表1 在白念珠菌感染中变化显著的10个候选蛋白质

三、差异蛋白的验证

在白念珠菌组的特异表达蛋白质中，找出与白念珠菌密切相关的2个蛋白质，Cathepsin B和Pentraxin 3。在白念珠菌感染 12、24、36 h后，观察上述差异蛋白和感染标志物白细胞、C反应蛋白和白介素6表达变化趋势，发现随着感染时间延长，差异蛋白的表达量逐渐升高，并与上述感染标志物变化一致。而且小鼠活动下降、食欲减退、尾巴潮湿等症状随着感染时间延长而加重(见图3A)。在感染12 h后采用GraphpadPrim 6.0软件建立ROC诊断模型，比较 Cathepsin B AUC为 0.9587，95%CI为0.885～1.032，灵敏度80.0%，特异度90.0%。Pentraxin 3 的 AUC 为 0.97，95%CI为 0.907～1.033，灵敏度81.8%，特异度90.9%(见图3B)。构建大肠埃希菌感染的动物模型(n=10只)和金黄色葡萄球菌感染的动物模型(n=10只)。金黄色葡萄球菌感染组尾静脉注射LD50浓度为4.5×108CFU1mL的菌液[7]。大肠埃希菌感染组尾静脉注射LD50浓度2×109CFU1mL的菌液[8]。分别使用ELISA，验证上述蛋白质在白念珠菌感染组、大肠埃希菌感染组和金黄色葡萄球菌感染组的表达差异。结果发现Cathepsin B、Pentraxin 3在白念珠菌感染组中大量表达，在正常对照组、金黄色葡萄球菌感染组、大肠埃希菌感染组少量表达，差异有统计学意义(P＜0.05)(见图3 C、D)。

图3 差异蛋白的验证

讨 论

白念珠菌是一种常见的条件致病真菌，常寄生于人体肠道黏膜表面。因肠道的物理屏障、化学屏障、生物屏障和免疫屏障等保护作用，通常白念珠菌不引起致病[9-11]。当机体处于手术等高度应激或肠道功能紊乱时，肠道屏障受损，白念珠菌可致病，严重时危及生命[12-13]。对于围术期病人，早期诊断白念珠菌感染具有重要的临床意义。

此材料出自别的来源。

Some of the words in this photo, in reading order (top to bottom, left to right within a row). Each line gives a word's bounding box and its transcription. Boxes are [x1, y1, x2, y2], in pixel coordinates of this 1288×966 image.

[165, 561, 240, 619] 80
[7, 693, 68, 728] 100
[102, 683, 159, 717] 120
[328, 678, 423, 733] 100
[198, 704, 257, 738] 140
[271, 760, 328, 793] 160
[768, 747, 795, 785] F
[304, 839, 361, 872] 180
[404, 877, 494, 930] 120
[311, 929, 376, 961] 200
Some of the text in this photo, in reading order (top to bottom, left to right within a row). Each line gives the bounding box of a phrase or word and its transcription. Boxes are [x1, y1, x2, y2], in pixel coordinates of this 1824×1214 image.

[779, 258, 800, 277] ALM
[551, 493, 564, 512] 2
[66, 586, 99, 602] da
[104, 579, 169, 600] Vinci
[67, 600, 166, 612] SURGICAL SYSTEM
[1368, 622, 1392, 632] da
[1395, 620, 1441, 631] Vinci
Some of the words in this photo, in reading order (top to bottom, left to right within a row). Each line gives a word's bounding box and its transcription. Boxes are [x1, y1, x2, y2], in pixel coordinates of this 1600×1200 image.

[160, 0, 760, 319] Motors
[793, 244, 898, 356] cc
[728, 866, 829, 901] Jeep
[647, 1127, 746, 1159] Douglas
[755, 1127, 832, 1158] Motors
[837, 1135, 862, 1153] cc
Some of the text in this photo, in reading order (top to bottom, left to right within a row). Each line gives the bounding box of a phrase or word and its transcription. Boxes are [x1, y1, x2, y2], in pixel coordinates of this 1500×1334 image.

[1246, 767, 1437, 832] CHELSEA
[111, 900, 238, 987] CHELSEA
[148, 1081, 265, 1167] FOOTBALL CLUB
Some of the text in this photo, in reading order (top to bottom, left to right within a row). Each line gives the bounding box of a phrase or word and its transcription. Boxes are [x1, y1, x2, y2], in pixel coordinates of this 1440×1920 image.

目前已确定具有多种亚型的多功能循环外泌体存在于多类疾病，如心血管疾病、感染性疾病和自身免疫性疾病等。此外，外泌体还具有调节免疫、抗原呈递的功能，对适应性免疫应答具有重要的作用[14-16]。外泌体也作为一种可调控的新型药物，用于脓毒症的诊断和治疗[17-18]。本研究发现，白念珠菌组小鼠与正常对照组小鼠的血浆外分泌蛋白存在差异。共筛选出10个在白念珠菌组中表达显著增加的血浆外泌体蛋白。筛选出Cathepsin B、Pentraxin 3与白念珠菌密切相关。Cathepsin B是木瓜蛋白酶家族中的半胱氨酸蛋白水解酶，广泛分布于各种组织细胞中，是溶酶体中重要的蛋白水解酶[19]。有研究报道，吞噬细胞外细菌导致溶酶体失稳和Cathepsin B的释放，调控白念珠菌诱导的核苷酸结合寡聚化结构域样受体家族pyrin结构域蛋白3炎症小体激活[20]。Cathepsin B增强表达与结肠直肠癌浸润转移有关，但在肠道损伤及炎症反应中无研究报道，因此可进一步研究，验证其在白念珠菌侵袭导致肠道损伤中的作用及意义[21]。Pentraxin 3是一种可溶性的体液先天免疫模式识别受体，被称为“抗体前体”。其能识别外来微生物，并作为调节炎症反应的调节剂[22]。Pentraxin 3由血管内皮细胞和巨噬细胞产生，由中性粒细胞储存，并在介导真菌病原体的抵抗中发挥作用，其水平可直接反映炎症状态。因其肝外合成，与C反应蛋白相反；Pentraxin 3水平被认为是疾病活动性的一个真正独立指标[23]。

为进一步验证差异蛋白与白念珠菌感染的相关性，再次构建白念珠菌感染的小鼠模型。通过ELISA定量分析Cathepsin B、Pentraxin3，随着白念珠菌感染时间的延长，及炎症介质的进行性加重，差异蛋白的表达水平进行性升高，而且建立ROC诊断模型。实验证明上述差异蛋白与白念珠菌感染的严重程度密切相关。为验证Cathepsin B、Pentraxin3是否在其他菌株感染中表达，再次建立金黄色葡萄球菌感染和大肠埃希菌感染的小鼠模型，在感染12 h后经小鼠眼眶取血提取血浆。ELISA检测发现，Cathepsin B、Pentraxin 3仅在白念珠菌感染中大量表达，在正常对照组、金黄色葡萄球菌感染组和大肠埃希菌感染组中少量表达，且差异有统计学意义。因此，上述差异蛋白可作为白念珠菌感染的标志物。

外泌体蛋白组学在临床研究中已广泛应用。有研究者发现，乳腺癌病人血清外泌体膜蛋白GPC-1表达水平高于健康对照和乳腺良性病组，含量与肿瘤分期正相关。GPC-1阳性病人较阴性病人易出现淋巴结转移，临床分期较晚，肿瘤细胞增殖程度较高，对乳腺癌的诊断有潜在应用价值[24]。抽提骨巨细胞瘤病人和非肿瘤病人的血清外泌体，采用LC-MS1MS分析鉴定外泌体的蛋白质组学特征，对检测蛋白质进行生物信息学分析，寻找骨巨细胞瘤的血浆标志物[25]。Cathepsin B、Pentraxin 3目前仅有动物实验验证，尚需进一步的临床试验，研究Cathepsin B、Pentraxin 3在白念珠菌感染中的应用价值，为早期预防和治疗白念珠菌感染提供帮助。